> [What you need to do]: What's needed is a word-for-word retyping of the entries below, pictures omitted.
┌──
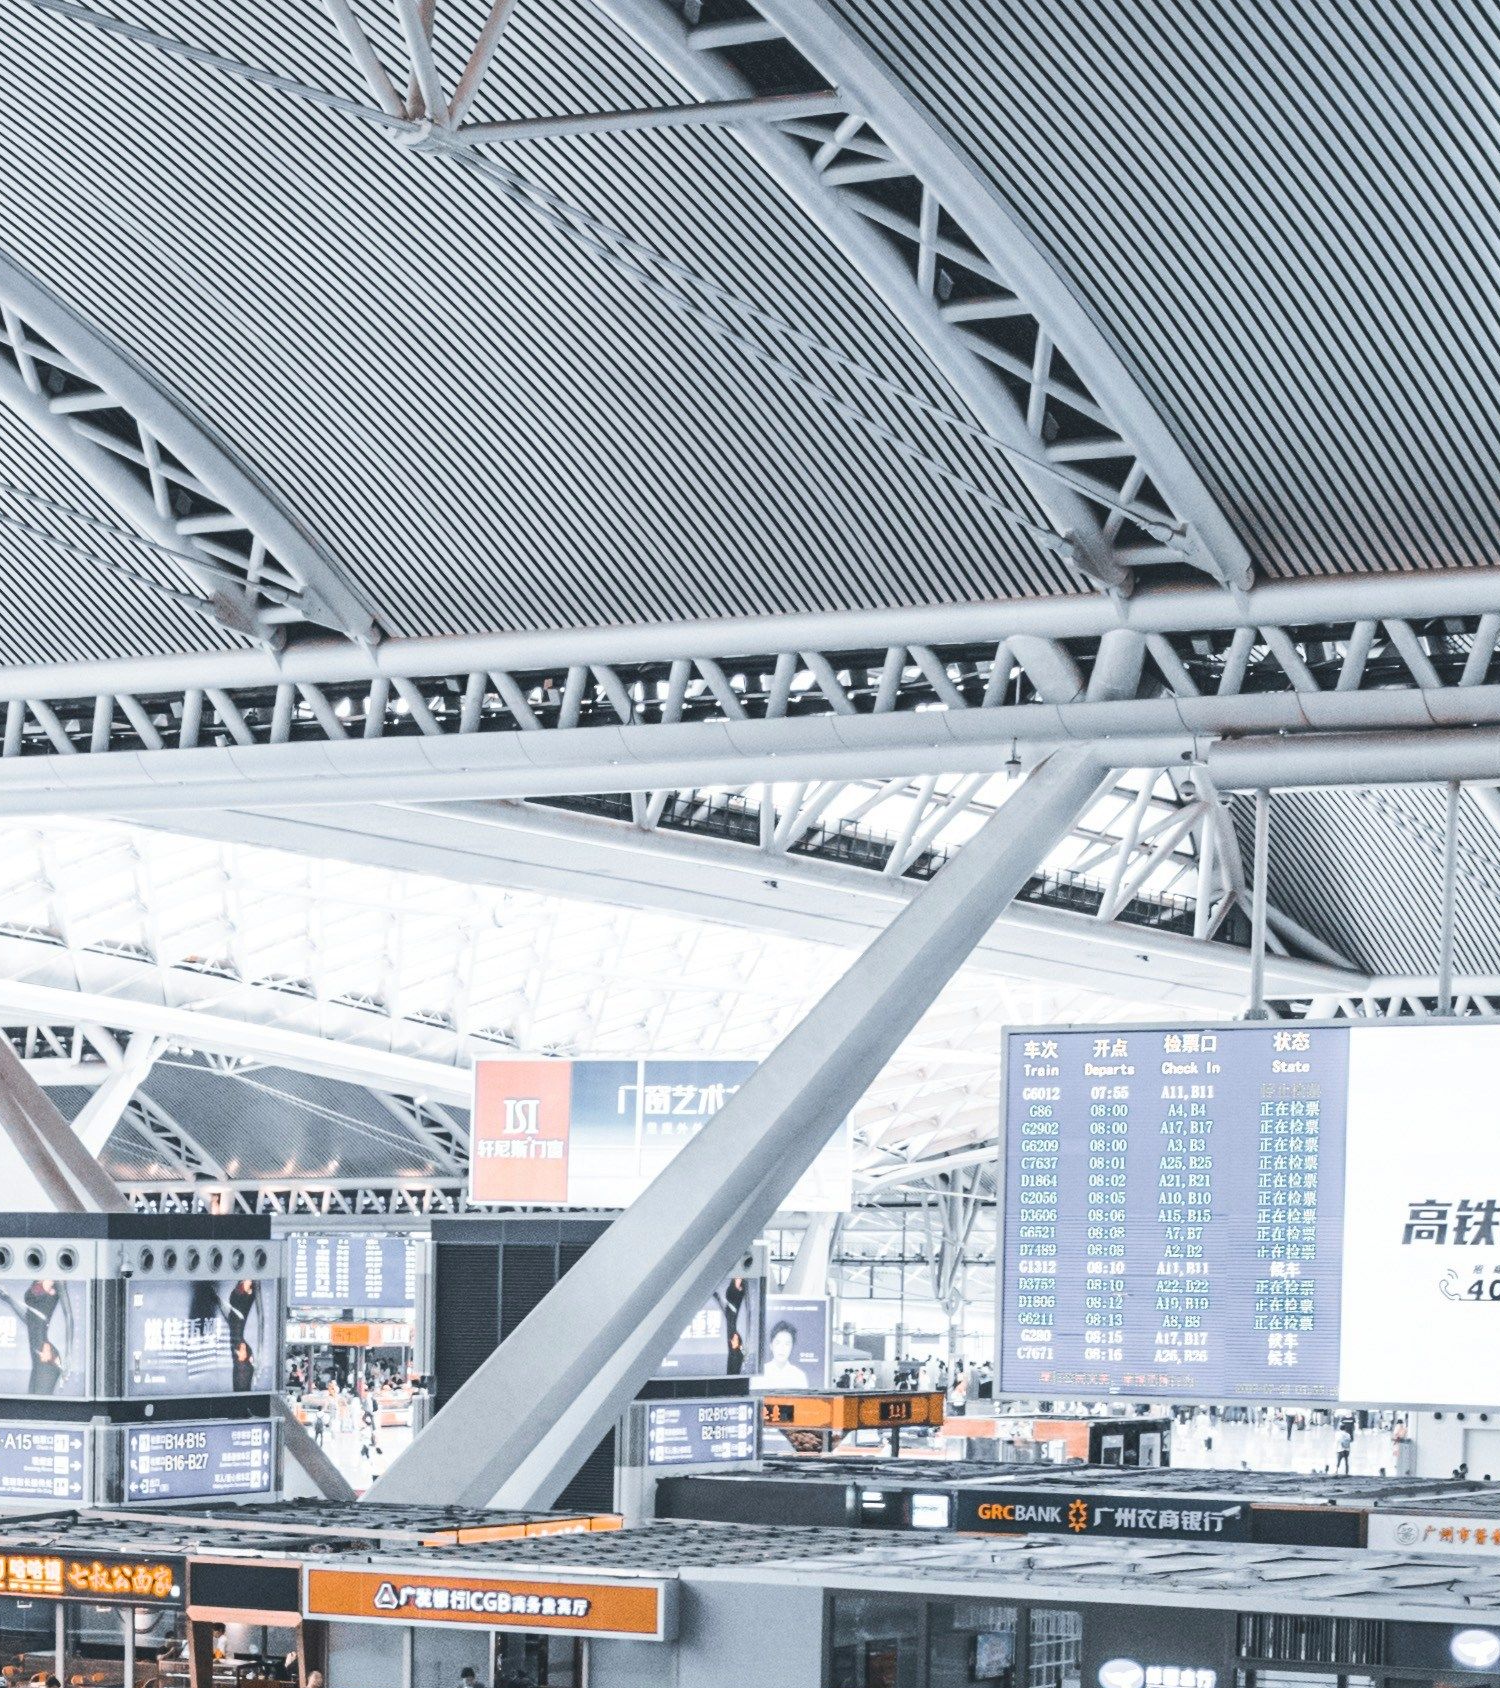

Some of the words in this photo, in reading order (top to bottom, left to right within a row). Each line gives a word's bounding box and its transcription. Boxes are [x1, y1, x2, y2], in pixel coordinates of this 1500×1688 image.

[1024, 1039, 1059, 1059] 车次
[1093, 1038, 1128, 1058] 开点
[1164, 1035, 1218, 1053] 检票口
[1273, 1032, 1311, 1052] 状态
[1024, 1065, 1059, 1077] Train
[1084, 1063, 1135, 1077] Departs
[1161, 1061, 1198, 1075] Check
[1206, 1061, 1220, 1074] In
[1271, 1061, 1310, 1074] State
[618, 1083, 740, 1115] 门窗艺术
[1090, 1104, 1128, 1117] 08:00
[1260, 1101, 1320, 1117] 正在检票
[1089, 1121, 1128, 1134] 08:00
[1160, 1121, 1213, 1135] A17,B17
[1259, 1119, 1320, 1135] 正在检票
[1089, 1139, 1127, 1152] 08:00
[1258, 1137, 1319, 1153] 正在检票
[1089, 1156, 1126, 1169] 08:01
[1159, 1156, 1212, 1170] A25,B25
[1258, 1154, 1319, 1171] 正在检票
[1088, 1174, 1126, 1187] 08:02
[1159, 1174, 1211, 1188] A21,B21
[1258, 1172, 1318, 1188] 正在检票
[1088, 1191, 1125, 1205] 08:05
[1159, 1191, 1211, 1206] A10,B10
[1257, 1190, 1317, 1207] 正在检票
[1257, 1208, 1317, 1225] 正在检票
[978, 1503, 1061, 1523] GRCBANK
[1094, 1507, 1224, 1532] 广州农商银行
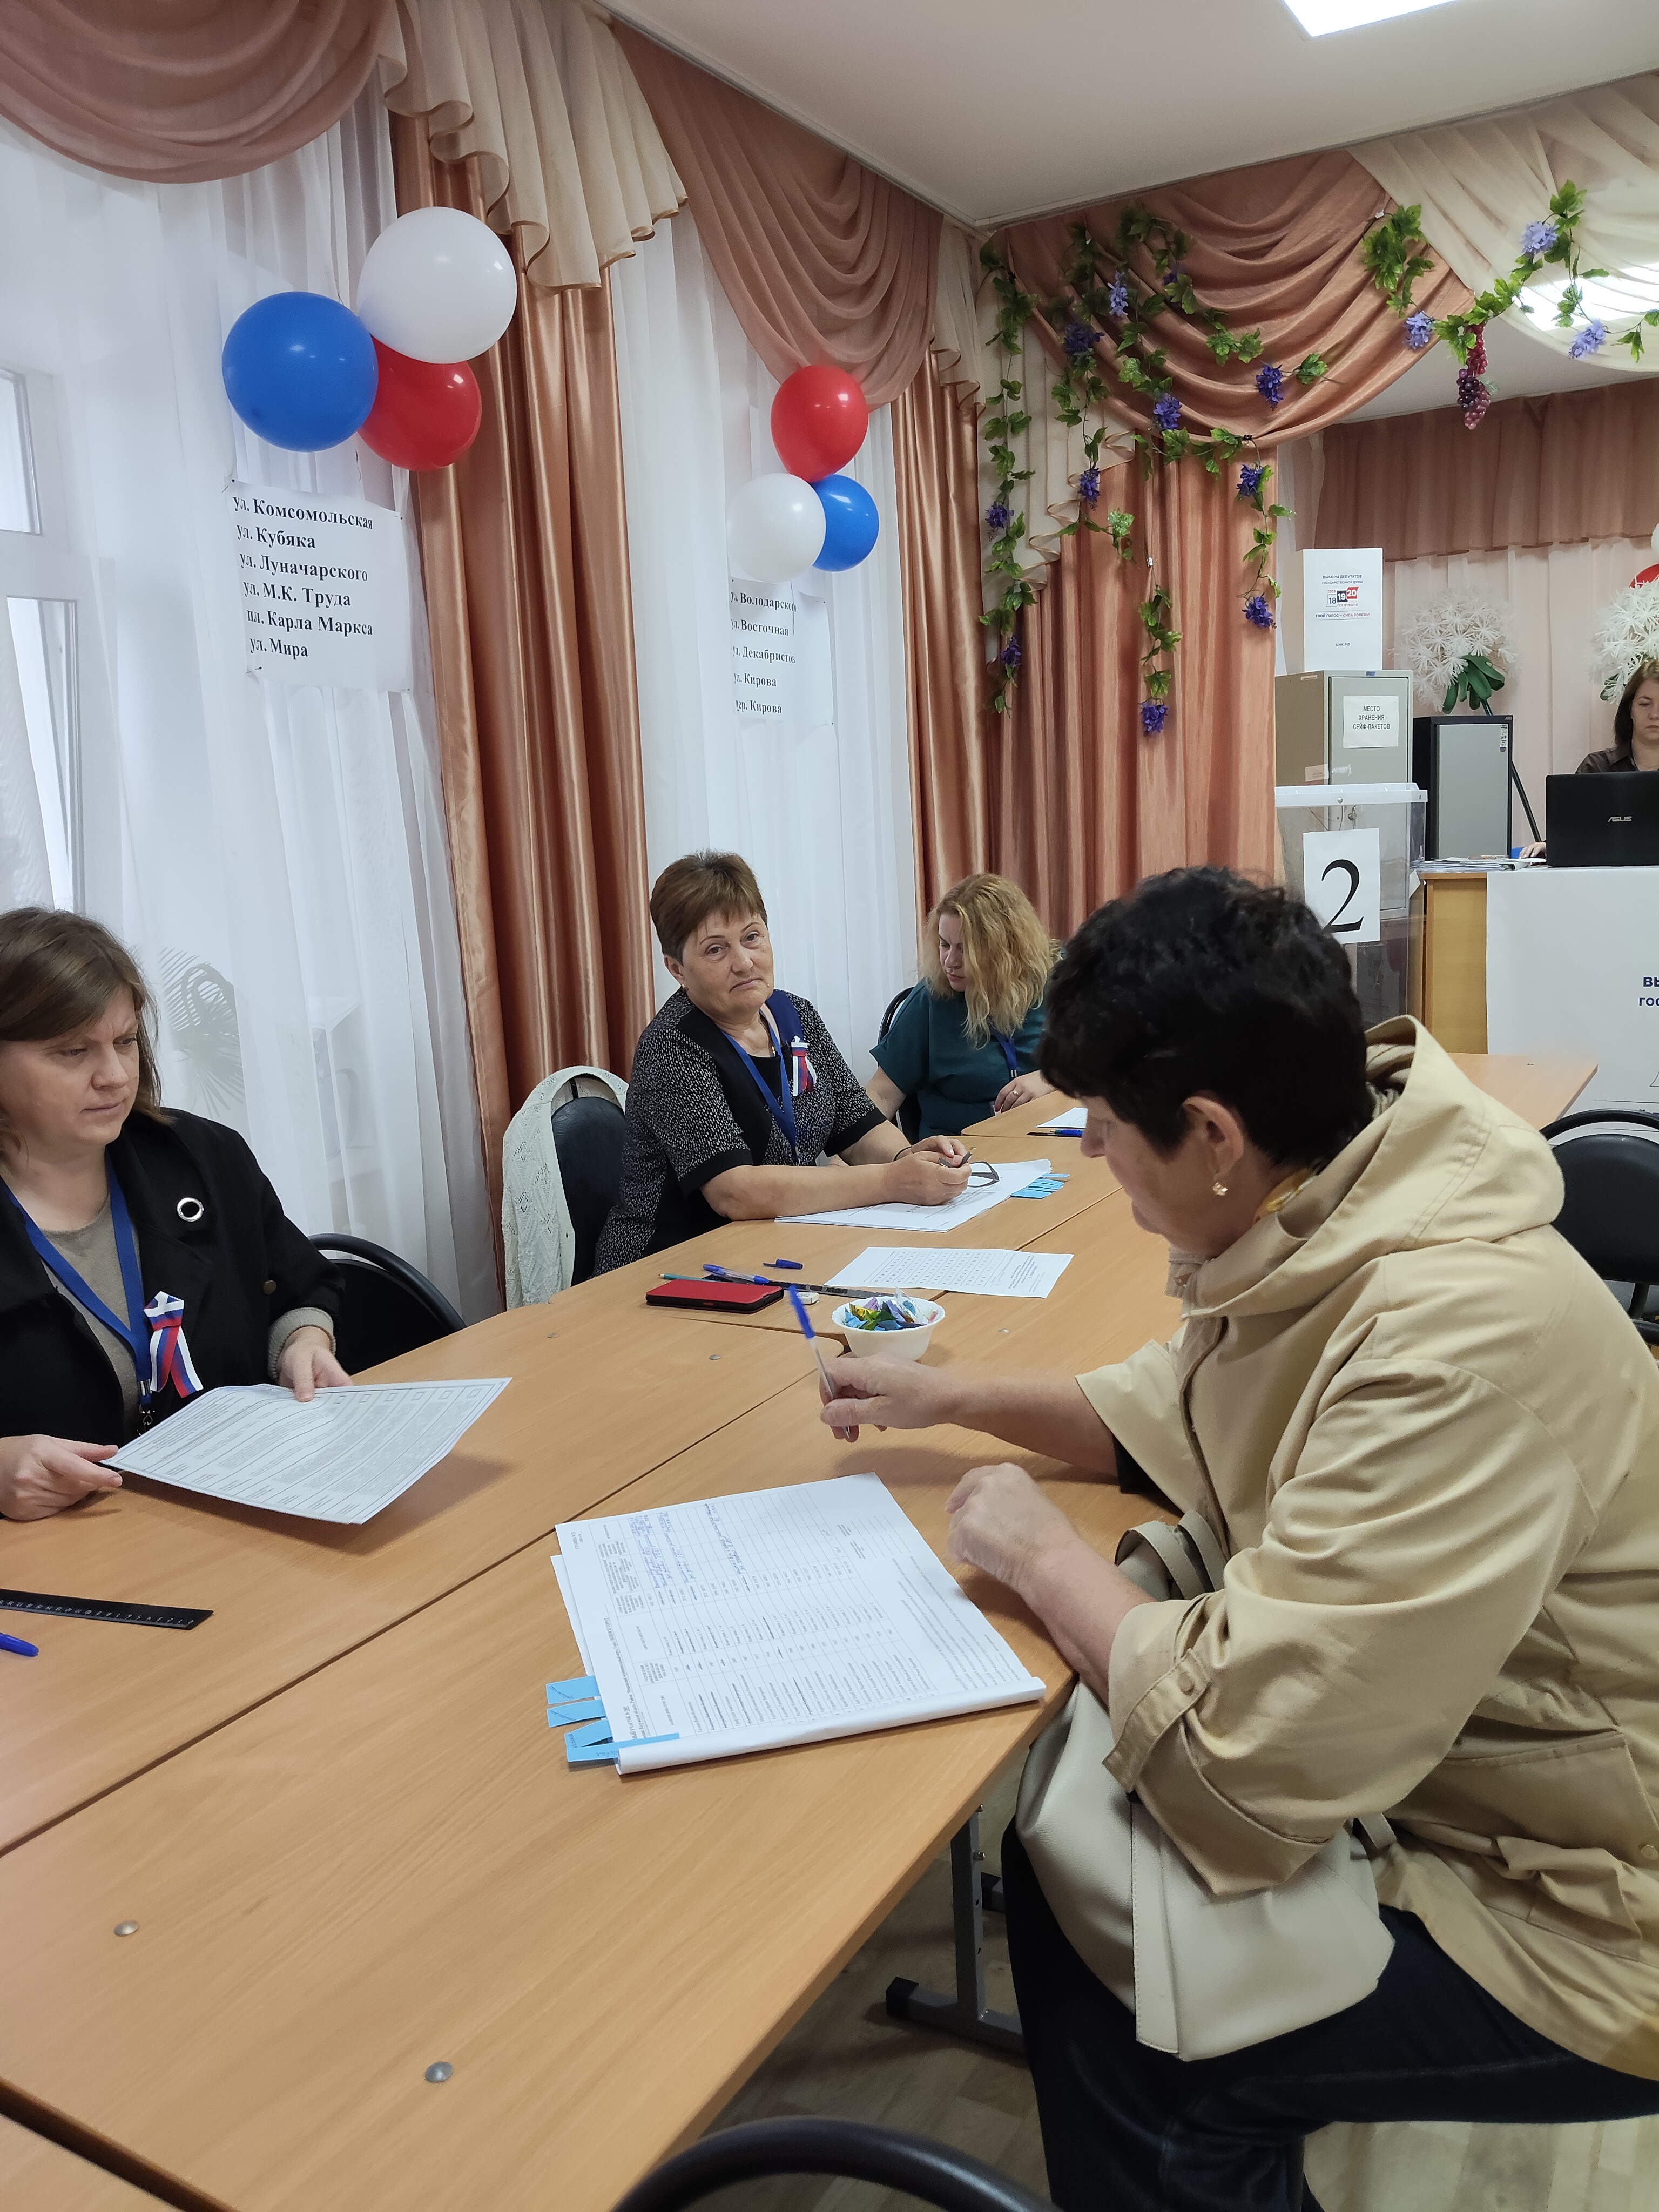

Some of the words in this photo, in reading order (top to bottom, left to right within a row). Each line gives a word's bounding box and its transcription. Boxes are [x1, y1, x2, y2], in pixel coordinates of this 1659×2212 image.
└──
> [Answer space]:
Some of the words in this photo, in reading order (top to bottom, left to right within a row). Each line gives a word's bounding box and its transcription. Boxes are [x1, y1, x2, y2], in pixel coordinates of this 1500×1688 image.

[1024, 1039, 1059, 1059] 车次
[1093, 1038, 1128, 1058] 开点
[1164, 1035, 1218, 1053] 检票口
[1273, 1032, 1311, 1052] 状态
[1024, 1065, 1059, 1077] Train
[1084, 1063, 1135, 1077] Departs
[1161, 1061, 1198, 1075] Check
[1206, 1061, 1220, 1074] In
[1271, 1061, 1310, 1074] State
[618, 1083, 740, 1115] 门窗艺术
[1090, 1104, 1128, 1117] 08:00
[1260, 1101, 1320, 1117] 正在检票
[1089, 1121, 1128, 1134] 08:00
[1160, 1121, 1213, 1135] A17,B17
[1259, 1119, 1320, 1135] 正在检票
[1089, 1139, 1127, 1152] 08:00
[1258, 1137, 1319, 1153] 正在检票
[1089, 1156, 1126, 1169] 08:01
[1159, 1156, 1212, 1170] A25,B25
[1258, 1154, 1319, 1171] 正在检票
[1088, 1174, 1126, 1187] 08:02
[1159, 1174, 1211, 1188] A21,B21
[1258, 1172, 1318, 1188] 正在检票
[1088, 1191, 1125, 1205] 08:05
[1159, 1191, 1211, 1206] A10,B10
[1257, 1190, 1317, 1207] 正在检票
[1257, 1208, 1317, 1225] 正在检票
[978, 1503, 1061, 1523] GRCBANK
[1094, 1507, 1224, 1532] 广州农商银行

Some of the words in this photo, in reading order (top to bottom, left to right within a row). Each line gives a word's bounding box and its transcription. Boxes are [x1, y1, x2, y2], in pixel coordinates of this 1659×2212 image.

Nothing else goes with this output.